So rather than give up on the technology, start using it smarter. There's a
lot of room for application improvement that will build on whatever maximum
the physical properties dictate. If you postulate the inclusion of a
dedicated processor in each camera doing a super enhancement job for each
image, with data from more than one input device, you should be able to
achieve resolution well above the level of 35mm film. Where physics leaves
off with the imager, software engineering picks up and stretches the raw
limits currently being looked at.
It's in the combinations of various technologies that we can exceed what
looks today like limits. We need to keep reminding ourselves that the limits
we see so solidly are an illusion due to having not pursued the thoughts
around the corner. The prime benefit of seeing those limits is to learn to
see the way beyond, and it is there, somewhere. The ideal digital camera may
not look anything like todays typical camera, digital or otherwise. It
should be able to output 3D as easily as 2D.
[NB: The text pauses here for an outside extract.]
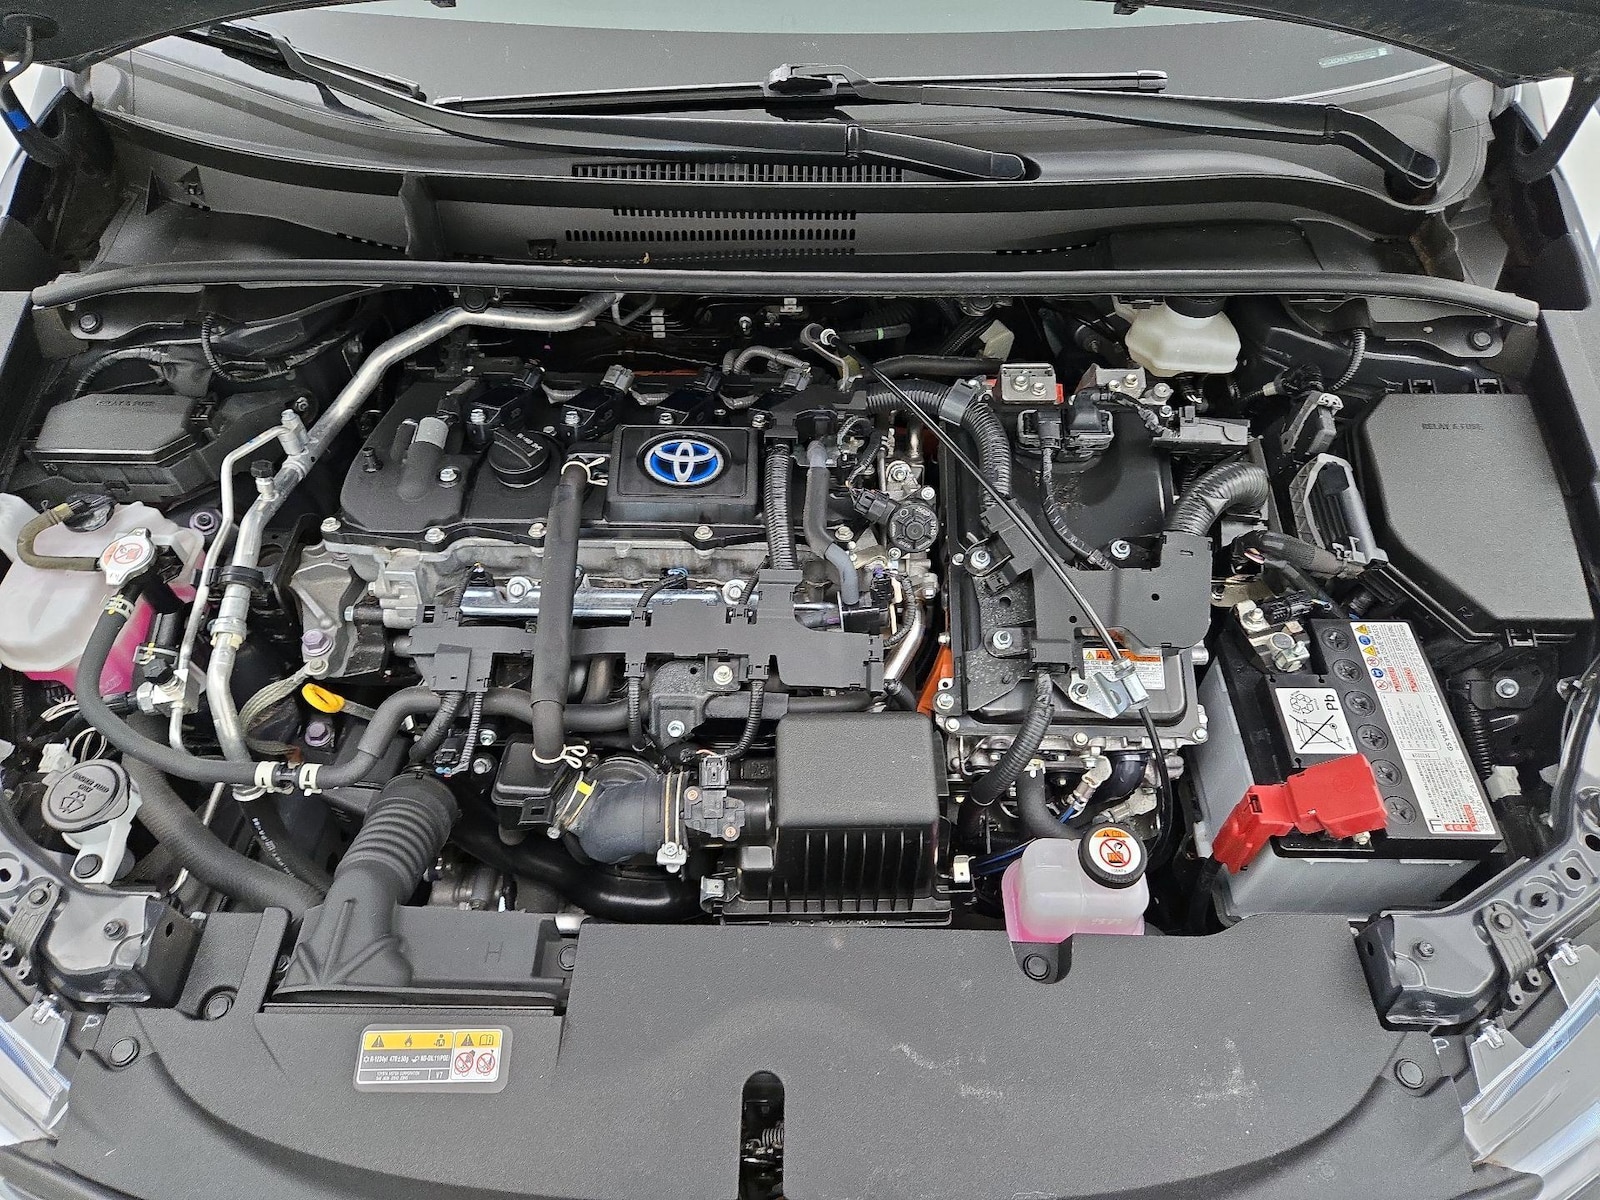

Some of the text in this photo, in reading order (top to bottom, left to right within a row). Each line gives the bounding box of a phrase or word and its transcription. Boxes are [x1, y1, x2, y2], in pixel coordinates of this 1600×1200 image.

>Certain costs are fixed, or rising: labor, taxes, land, buildings,
>materials, hazardous waste disposal. These things are political, not
>technological.
Another reason to use current levels of technolgy in smarter ways.
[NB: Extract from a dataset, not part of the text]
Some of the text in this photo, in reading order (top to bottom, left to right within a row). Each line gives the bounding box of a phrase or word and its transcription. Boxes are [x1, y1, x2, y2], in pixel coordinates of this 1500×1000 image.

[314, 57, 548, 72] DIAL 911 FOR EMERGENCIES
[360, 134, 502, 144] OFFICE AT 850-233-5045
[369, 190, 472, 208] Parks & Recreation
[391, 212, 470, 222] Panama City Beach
>... A $20,000 digital camera that
>isn't quite as good as 35mm film holds absolutely no interest for me.
>If it were $2000 I might consider it; if it were $200 I'd buy it now.
>Your $200 digital camera today is no more than a toy.
That *toy* may be a toy compared to a film camera, but it does it's job far
easier and less hassle than a film camera. It depends on your intended
usage. Today there is a demand for rapid image accessability at resolutions
matching the typical computer screen. If it's used on the Internet, there's
additional compression. Today's digital camera isn't the ideal yet but it
does it's job in a non-toy fashion. If you use a film camera for these
applications, you are wasting most of what you get or go through to get your
images, unless you are including a film archive of your images for other
uses. Then the film camera is still better.
>What I meant was that if the general public is satisifed with the current
>level of digital image capture (as you seem to be), there won't be much,
>if any, market pressure to produce the order-of-magnitude improvements
>you are so confident are inevitable, and that I believe are required,
>before digital photography will be an acceptable replacement for film.
As always, what the industry puts forward and puts effort into hyping, will
get some level of use. The public may not know whether or not to be
satisfied with current technology. If something better comes out, they will
be dissatisfied with current stuff. Inventors, engineers, professional
photographers, and many others are well aware of limitations in the digital
camera currently being sold. Newer and better is already on it's way.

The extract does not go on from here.